- Task to complete -
Reproduce each record exactly, leaving out no line.

(Referring expression grounding data)
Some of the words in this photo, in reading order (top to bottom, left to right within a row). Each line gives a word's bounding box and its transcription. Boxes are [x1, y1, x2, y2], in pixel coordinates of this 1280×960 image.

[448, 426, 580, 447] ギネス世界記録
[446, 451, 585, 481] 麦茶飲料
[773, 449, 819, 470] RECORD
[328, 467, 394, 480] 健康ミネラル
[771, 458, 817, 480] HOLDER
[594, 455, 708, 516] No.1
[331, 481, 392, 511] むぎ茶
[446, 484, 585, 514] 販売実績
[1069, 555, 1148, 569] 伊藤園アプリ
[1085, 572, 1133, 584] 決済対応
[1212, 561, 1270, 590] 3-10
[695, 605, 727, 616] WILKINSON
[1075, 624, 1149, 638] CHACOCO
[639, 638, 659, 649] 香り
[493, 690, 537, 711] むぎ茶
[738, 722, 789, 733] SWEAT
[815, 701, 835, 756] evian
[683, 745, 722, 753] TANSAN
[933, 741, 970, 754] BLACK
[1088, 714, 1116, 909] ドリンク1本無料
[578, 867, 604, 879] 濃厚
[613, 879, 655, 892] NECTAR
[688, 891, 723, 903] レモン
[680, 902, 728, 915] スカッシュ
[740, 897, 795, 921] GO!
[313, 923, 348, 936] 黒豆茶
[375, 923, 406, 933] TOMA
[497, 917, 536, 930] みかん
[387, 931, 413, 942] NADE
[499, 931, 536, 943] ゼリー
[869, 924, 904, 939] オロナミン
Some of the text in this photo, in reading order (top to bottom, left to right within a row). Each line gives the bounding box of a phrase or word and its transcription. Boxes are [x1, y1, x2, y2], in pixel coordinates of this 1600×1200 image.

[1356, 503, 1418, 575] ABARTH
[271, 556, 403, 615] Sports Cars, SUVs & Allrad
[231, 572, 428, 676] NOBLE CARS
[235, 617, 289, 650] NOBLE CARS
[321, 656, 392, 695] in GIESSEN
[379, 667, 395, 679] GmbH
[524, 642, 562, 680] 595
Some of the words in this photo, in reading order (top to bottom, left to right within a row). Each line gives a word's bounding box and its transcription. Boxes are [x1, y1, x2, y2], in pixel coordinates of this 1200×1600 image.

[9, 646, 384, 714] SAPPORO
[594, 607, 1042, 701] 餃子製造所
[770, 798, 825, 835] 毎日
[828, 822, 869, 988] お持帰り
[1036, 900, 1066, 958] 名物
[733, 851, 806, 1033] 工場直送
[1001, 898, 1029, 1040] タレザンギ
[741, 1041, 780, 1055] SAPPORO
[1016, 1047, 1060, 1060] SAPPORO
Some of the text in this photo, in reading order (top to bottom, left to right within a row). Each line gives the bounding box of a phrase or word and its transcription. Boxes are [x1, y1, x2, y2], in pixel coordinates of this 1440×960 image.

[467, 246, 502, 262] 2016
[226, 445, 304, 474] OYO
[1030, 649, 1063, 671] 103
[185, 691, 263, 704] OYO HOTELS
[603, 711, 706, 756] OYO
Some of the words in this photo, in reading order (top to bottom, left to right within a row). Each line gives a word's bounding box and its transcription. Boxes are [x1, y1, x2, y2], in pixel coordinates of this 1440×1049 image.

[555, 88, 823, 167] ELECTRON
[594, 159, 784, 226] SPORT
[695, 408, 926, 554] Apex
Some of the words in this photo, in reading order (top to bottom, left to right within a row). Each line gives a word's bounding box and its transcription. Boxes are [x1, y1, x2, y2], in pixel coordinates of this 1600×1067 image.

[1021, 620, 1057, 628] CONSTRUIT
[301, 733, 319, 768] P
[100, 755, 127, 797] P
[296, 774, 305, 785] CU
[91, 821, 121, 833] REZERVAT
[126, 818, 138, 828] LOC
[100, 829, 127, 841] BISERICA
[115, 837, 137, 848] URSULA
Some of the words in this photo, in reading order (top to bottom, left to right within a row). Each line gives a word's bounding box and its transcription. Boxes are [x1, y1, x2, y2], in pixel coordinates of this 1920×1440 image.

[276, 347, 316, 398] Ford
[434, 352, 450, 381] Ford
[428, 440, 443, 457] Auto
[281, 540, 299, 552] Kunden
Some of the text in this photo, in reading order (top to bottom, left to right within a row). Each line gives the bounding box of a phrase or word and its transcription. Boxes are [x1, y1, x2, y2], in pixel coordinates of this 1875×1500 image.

- Completed exercise -
Some of the words in this photo, in reading order (top to bottom, left to right within a row). Each line gives a word's bounding box and its transcription. Boxes are [x1, y1, x2, y2], in pixel coordinates of this 1280×960 image.

[448, 426, 580, 447] ギネス世界記録
[446, 451, 585, 481] 麦茶飲料
[773, 449, 819, 470] RECORD
[328, 467, 394, 480] 健康ミネラル
[771, 458, 817, 480] HOLDER
[594, 455, 708, 516] No.1
[331, 481, 392, 511] むぎ茶
[446, 484, 585, 514] 販売実績
[1069, 555, 1148, 569] 伊藤園アプリ
[1085, 572, 1133, 584] 決済対応
[1212, 561, 1270, 590] 3-10
[695, 605, 727, 616] WILKINSON
[1075, 624, 1149, 638] CHACOCO
[639, 638, 659, 649] 香り
[493, 690, 537, 711] むぎ茶
[738, 722, 789, 733] SWEAT
[815, 701, 835, 756] evian
[683, 745, 722, 753] TANSAN
[933, 741, 970, 754] BLACK
[1088, 714, 1116, 909] ドリンク1本無料
[578, 867, 604, 879] 濃厚
[613, 879, 655, 892] NECTAR
[688, 891, 723, 903] レモン
[680, 902, 728, 915] スカッシュ
[740, 897, 795, 921] GO!
[313, 923, 348, 936] 黒豆茶
[375, 923, 406, 933] TOMA
[497, 917, 536, 930] みかん
[387, 931, 413, 942] NADE
[499, 931, 536, 943] ゼリー
[869, 924, 904, 939] オロナミン
Some of the text in this photo, in reading order (top to bottom, left to right within a row). Each line gives the bounding box of a phrase or word and its transcription. Boxes are [x1, y1, x2, y2], in pixel coordinates of this 1600×1200 image.

[1356, 503, 1418, 575] ABARTH
[271, 556, 403, 615] Sports Cars, SUVs & Allrad
[231, 572, 428, 676] NOBLE CARS
[235, 617, 289, 650] NOBLE CARS
[321, 656, 392, 695] in GIESSEN
[379, 667, 395, 679] GmbH
[524, 642, 562, 680] 595
Some of the words in this photo, in reading order (top to bottom, left to right within a row). Each line gives a word's bounding box and its transcription. Boxes are [x1, y1, x2, y2], in pixel coordinates of this 1200×1600 image.

[9, 646, 384, 714] SAPPORO
[594, 607, 1042, 701] 餃子製造所
[770, 798, 825, 835] 毎日
[828, 822, 869, 988] お持帰り
[1036, 900, 1066, 958] 名物
[733, 851, 806, 1033] 工場直送
[1001, 898, 1029, 1040] タレザンギ
[741, 1041, 780, 1055] SAPPORO
[1016, 1047, 1060, 1060] SAPPORO
Some of the text in this photo, in reading order (top to bottom, left to right within a row). Each line gives the bounding box of a phrase or word and its transcription. Boxes are [x1, y1, x2, y2], in pixel coordinates of this 1440×960 image.

[467, 246, 502, 262] 2016
[226, 445, 304, 474] OYO
[1030, 649, 1063, 671] 103
[185, 691, 263, 704] OYO HOTELS
[603, 711, 706, 756] OYO
Some of the words in this photo, in reading order (top to bottom, left to right within a row). Each line gives a word's bounding box and its transcription. Boxes are [x1, y1, x2, y2], in pixel coordinates of this 1440×1049 image.

[555, 88, 823, 167] ELECTRON
[594, 159, 784, 226] SPORT
[695, 408, 926, 554] Apex
Some of the words in this photo, in reading order (top to bottom, left to right within a row). Each line gives a word's bounding box and its transcription. Boxes are [x1, y1, x2, y2], in pixel coordinates of this 1600×1067 image.

[1021, 620, 1057, 628] CONSTRUIT
[301, 733, 319, 768] P
[100, 755, 127, 797] P
[296, 774, 305, 785] CU
[91, 821, 121, 833] REZERVAT
[126, 818, 138, 828] LOC
[100, 829, 127, 841] BISERICA
[115, 837, 137, 848] URSULA
Some of the words in this photo, in reading order (top to bottom, left to right within a row). Each line gives a word's bounding box and its transcription. Boxes are [x1, y1, x2, y2], in pixel coordinates of this 1920×1440 image.

[276, 347, 316, 398] Ford
[434, 352, 450, 381] Ford
[428, 440, 443, 457] Auto
[281, 540, 299, 552] Kunden
Some of the text in this photo, in reading order (top to bottom, left to right within a row). Each line gives the bounding box of a phrase or word and its transcription. Boxes are [x1, y1, x2, y2], in pixel coordinates of this 1875×1500 image.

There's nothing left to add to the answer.